Eligible subjects who agreed to participate were asked to complete a series of validated questionnaires to assess:
A short-form of Korean version of bowel disease questionnaires (K-BDQ) was utilized to evaluate the prevalence of FD and IBS following ROME III diagnostic criteria. The K-BDQ was validated with direct interview with the median kappa of 0.74 (0.36-1.00) and verified after repeated test for reliability (14). The K-BDQ was composed of 30 items distinguishing several FGIDs such as IBS, FD, functional bloating, functional constipation, and functional diarrhea.

Questionnaires for sleep quality

The Pittsburgh Sleep Quality Index (PSQI) was utilized to measure the sleep quality. Korean version of PSQI, a valid and reliable self administrative instrument for assessing quality of sleep (15). PSQI is designed to assess sleep quality for one month prior to examination and contains 19 self-rated questions from which 7 component scores are calculated and summed into a global score (16). Higher score represents worse sleep quality with component scores ranging from 0 to 3, and global scores range from 0 to 21. The Epworth Sleepiness Scale (ESS) is an 8-itemed questionnaire designed to assess general level of daytime sleepiness, and scores on this instrument range from 0 to 24, with higher scores indicating greater sleepiness (17). PSQI score higher than 5 points was set as the marker of poor sleep quality and ESS score higher than 13 points as the marker of daytime sleepiness (16, 18, 19).

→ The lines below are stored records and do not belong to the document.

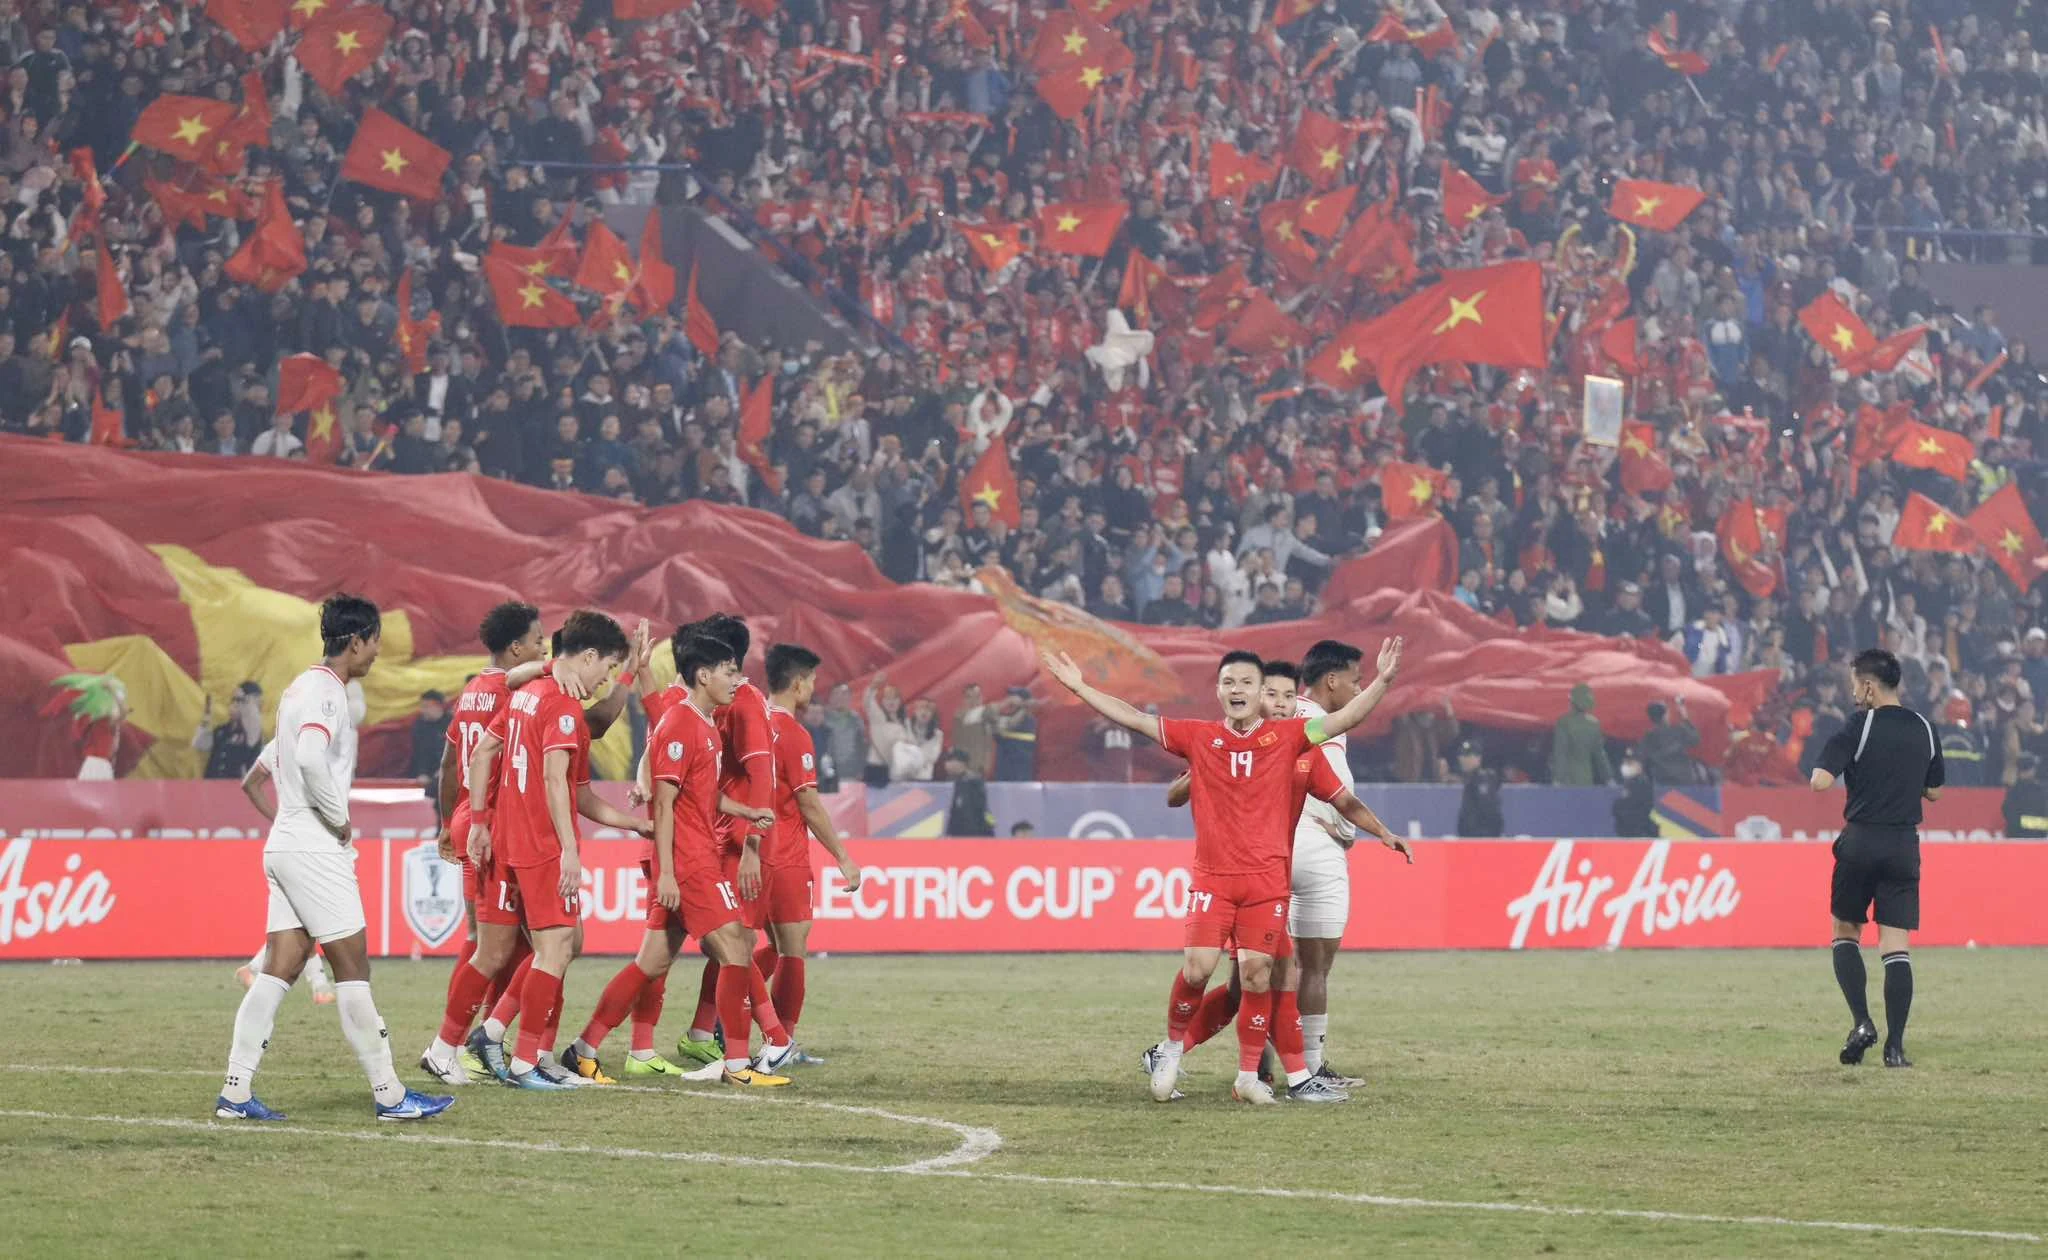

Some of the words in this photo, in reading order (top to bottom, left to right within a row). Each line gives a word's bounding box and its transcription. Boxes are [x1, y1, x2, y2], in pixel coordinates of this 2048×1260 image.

[1229, 750, 1253, 778] 19
[0, 838, 116, 945] Asia
[812, 866, 994, 921] ECTRIC
[1005, 865, 1116, 921] CUP
[1133, 867, 1192, 920] 20
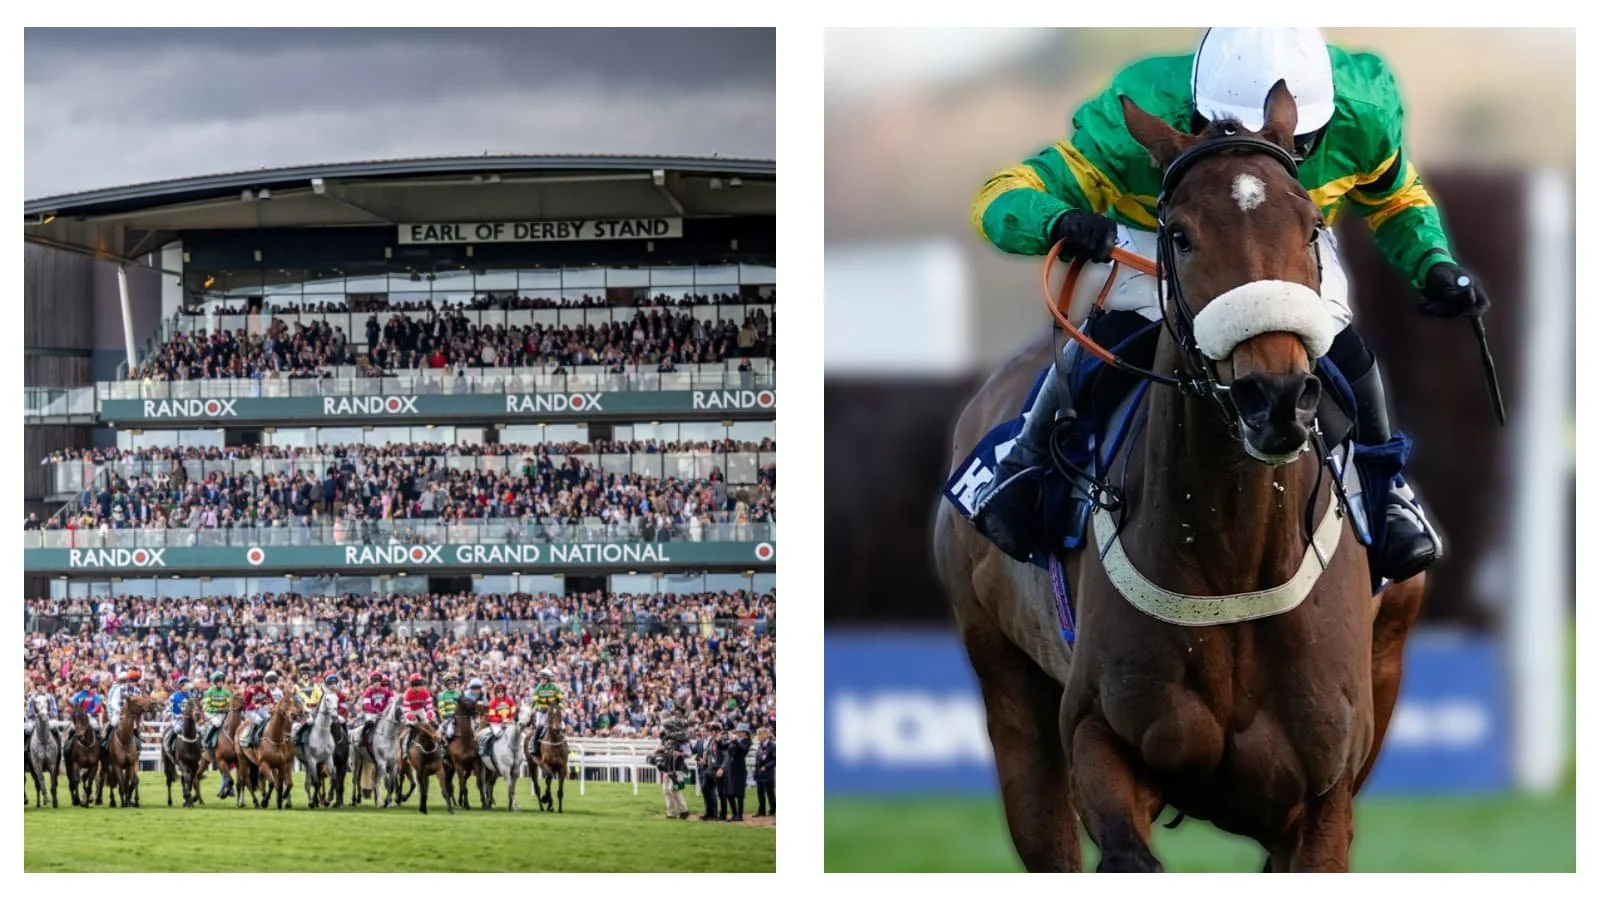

Questionnaires for stress severity

The Modified Brief Encounter Psychosocial Instrument (BEPSI) (20, 21) was utilized to measure the stress level. Korean version of BEPSI (BEPSI-K) was a valid and reliable self administrative instrument for assessing stress (22, 23). The BEPSI-K consists of the following five items: 1) extrinsic demand or individual's perception of the balance between external demand and capability; 2) intrinsic demand, or the importance of the individual's expectations as demands one place on oneself; 3) attributional demand or expectations and demands that the individual places on his/her physical or interpersonal environment; 4) uncertainty demand or that uncontrollable events elicit a greater stress response than demands over which the individual has control; 5) demand perspective or the ability to maintain perspective in the face of stressful demand with maximum scores of each question being five points; the sum of each points was divided by five. A subject with a higher score experienced more stress. The internal consistency of the BEPSI-K was high (Cronbach's α: 0.84), and a factor analysis confirmed that the items represent a single dimension (24).

Statistical analysis

Statistical analysis was performed using SPSS version 18.0 (SPSS Inc, Chicago, IL, USA). The continuous variables were expressed as mean ± SD. Univariate associations were analyzed using the Student's t-test and Fisher extract test for categorical variables. All variables significantly associated with FD and IBS (P < 0.05, two tailed) were included in the multivariate logistic regression models. In addition, to reduce the effect of potential confounding in this observational study, we performed rigorous adjustment for the differences in baseline characteristics using propensity score matching. The propensity scores were estimated without regard to outcome variables, using multiple logistic regression analysis. Results were presented by odds ratio (OR) also with 95% confidence interval (CI).

Ethics statement

The present study protocol was reviewed and approved by institutional review board of the Ewha Womans University Mokdong Hospital (No. ECT 243-2-25). All subjects submitted informed consent before the interview.

RESULTS

Characteristics of the study subjects

A total of 207 subjects were included in the present study with 147 rotating shift workers (71.0%), and 64 (29.0%) day workers (Table 1). Their mean age was 32.3 yr (± 7.8 SD), ranging from 21 to 53 yr old. The mean age in daytime workers was higher with female predominance. The proportion of married persons in day workers was higher than in the rotating shift workers (35.4% vs 58.3%, P = 0.002). The proportion of workers who had work experience more than 4 yr in day worker was higher in that of rotating shift worker (54.4% vs 78.3%, P = 0.006). Body mass index (BMI) was 21.1 kg/m2 (± 2.52 SD), and no significant difference was observed between two groups. The average length of working time was 9.2 hr (± 1.3 SD) per day, ranging from 5 to 15 and the average length of sleeping time was 6.3 hr (± 1.5 SD) with no significant differences between the two groups. In addition, no significant differences were found depending on regular exercise, drinking habit, and coffee consumption between the two groups, and the proportion of sleeping pill users was only 5 persons (2.3%).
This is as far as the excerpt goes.